### Work item
Output the whole listing exactly, with no pictures.
#### Data for the task ####
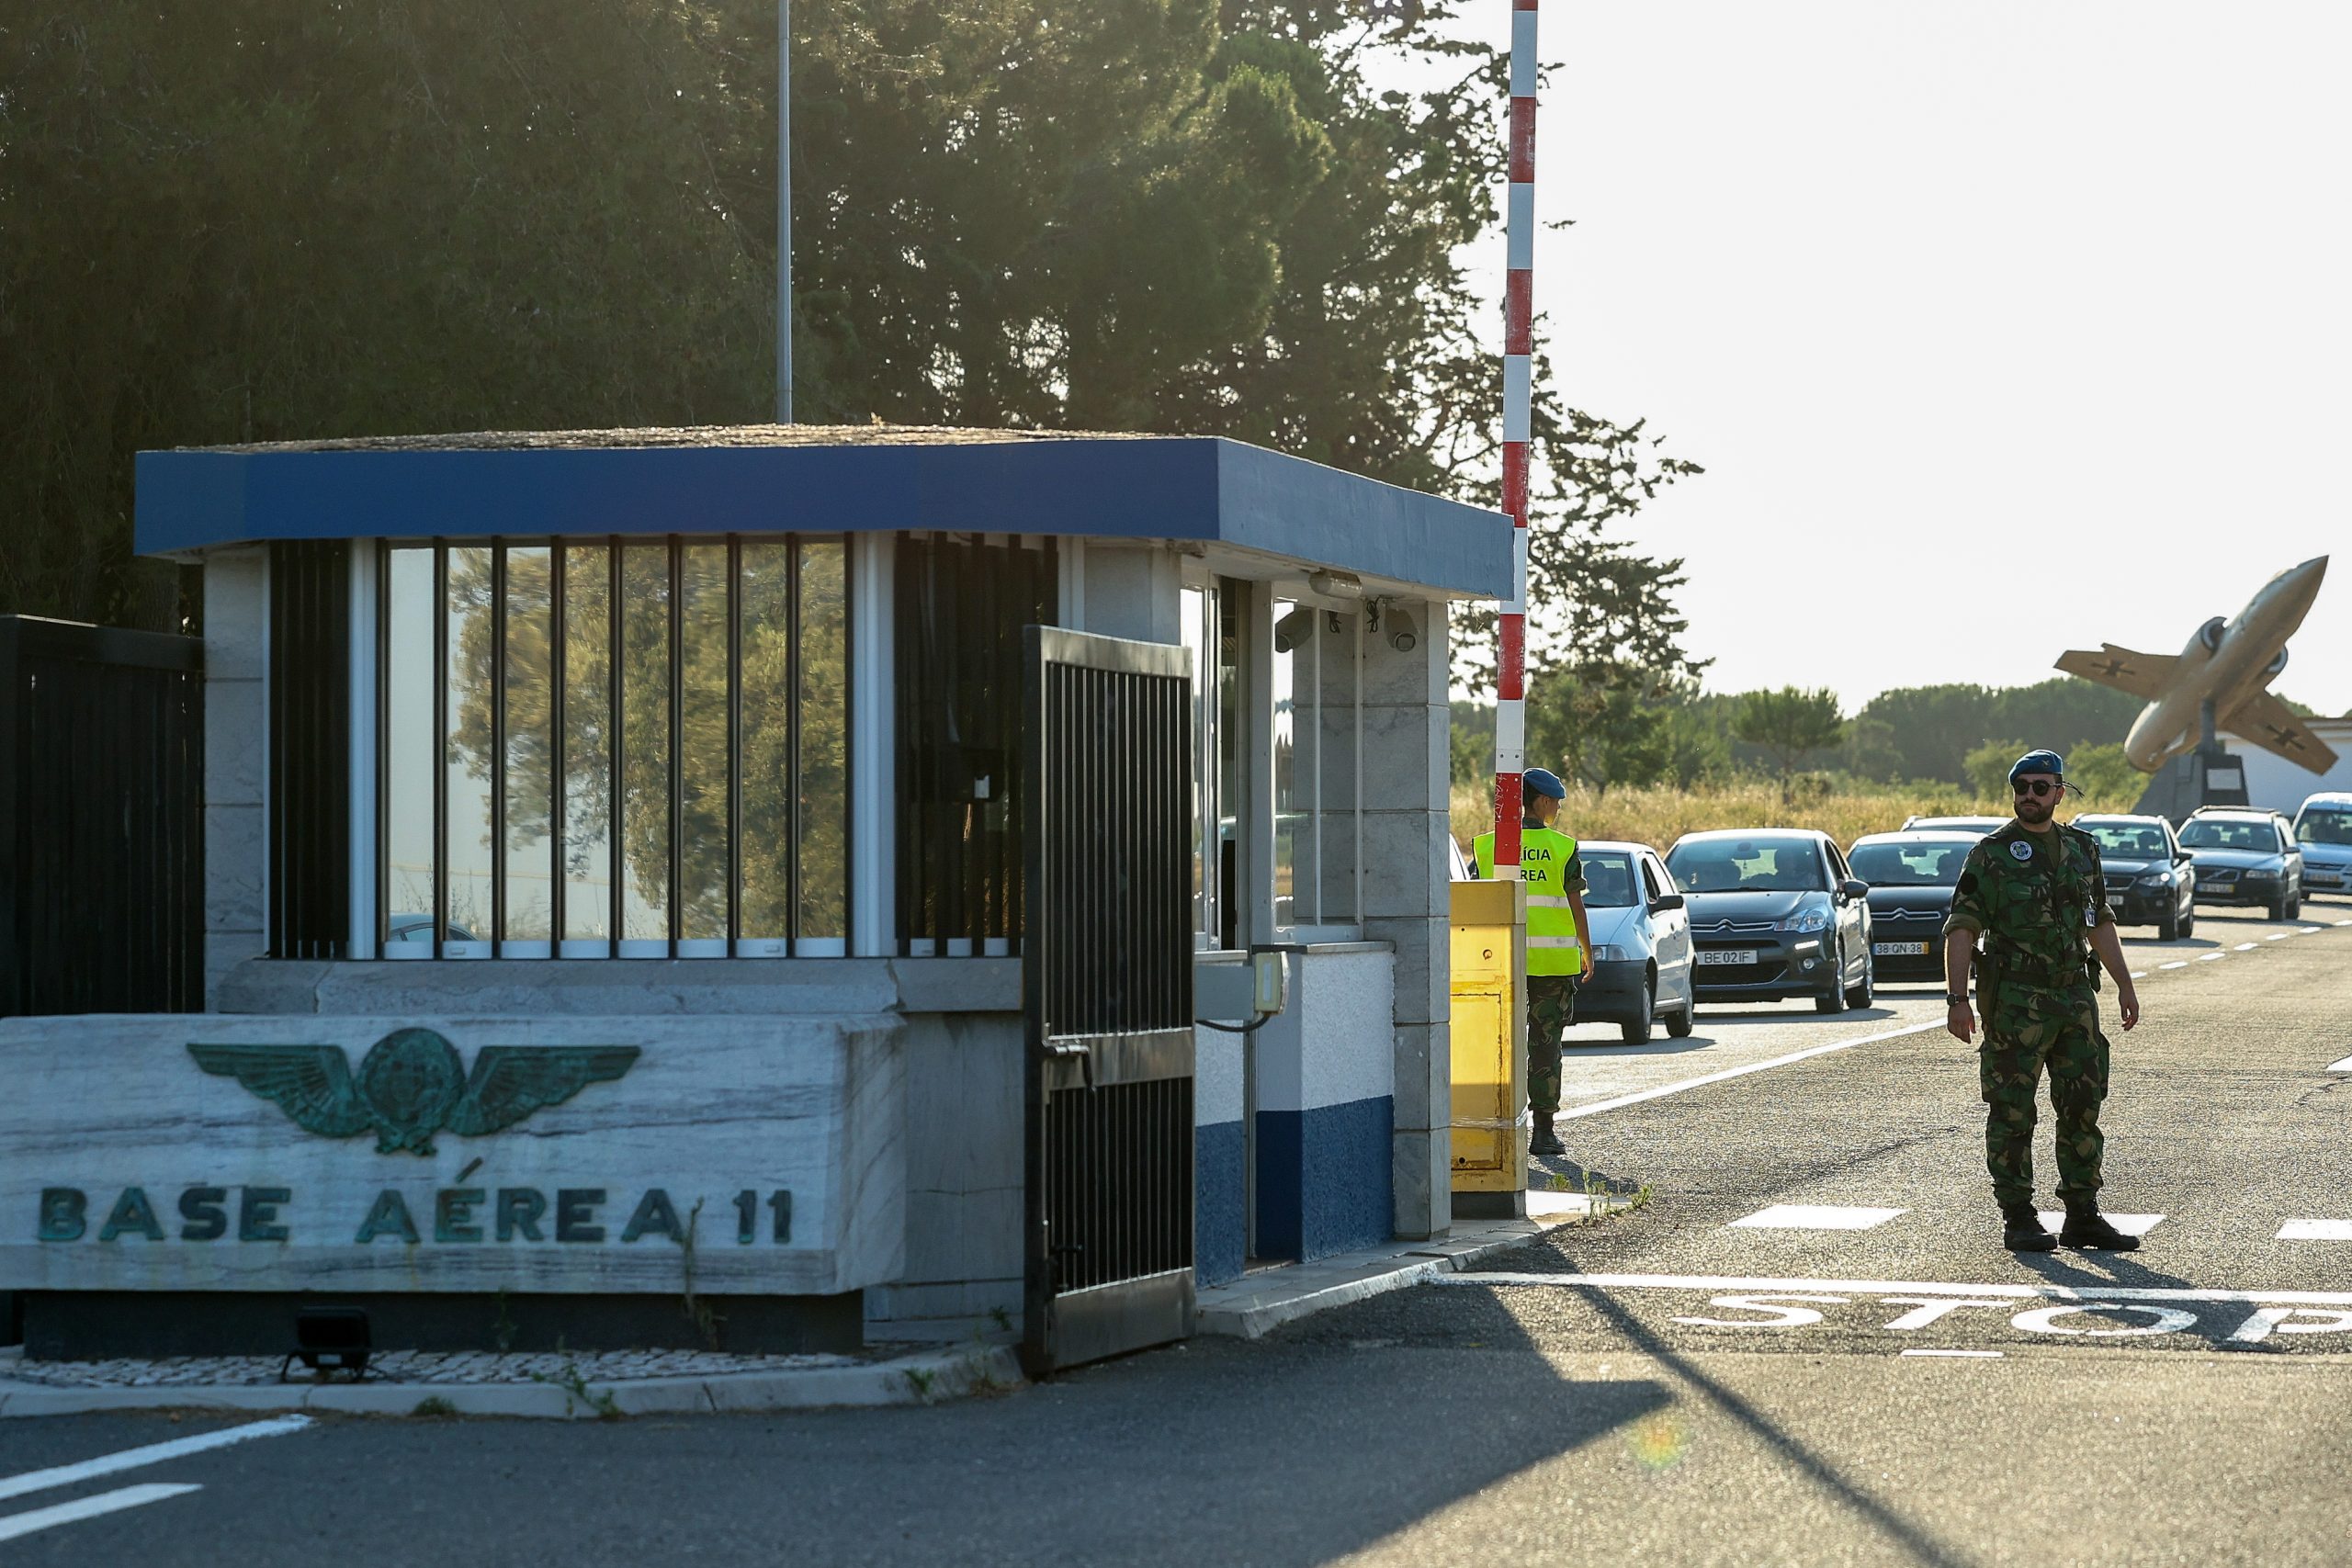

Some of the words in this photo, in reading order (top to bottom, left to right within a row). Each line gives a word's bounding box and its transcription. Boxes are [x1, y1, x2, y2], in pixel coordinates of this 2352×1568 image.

[1521, 846, 1551, 861] ÍCIA
[1521, 869, 1547, 882] REA
[38, 1185, 291, 1242] BASE
[355, 1156, 684, 1244] AÉREA
[733, 1189, 793, 1244] 11
[1669, 1293, 2352, 1342] STOP
####
### Solution to this task
Some of the words in this photo, in reading order (top to bottom, left to right within a row). Each line gives a word's bounding box and its transcription. Boxes are [x1, y1, x2, y2], in pixel coordinates of this 2352×1568 image.

[1521, 846, 1551, 861] ÍCIA
[1521, 869, 1547, 882] REA
[38, 1185, 291, 1242] BASE
[355, 1156, 684, 1244] AÉREA
[733, 1189, 793, 1244] 11
[1669, 1293, 2352, 1342] STOP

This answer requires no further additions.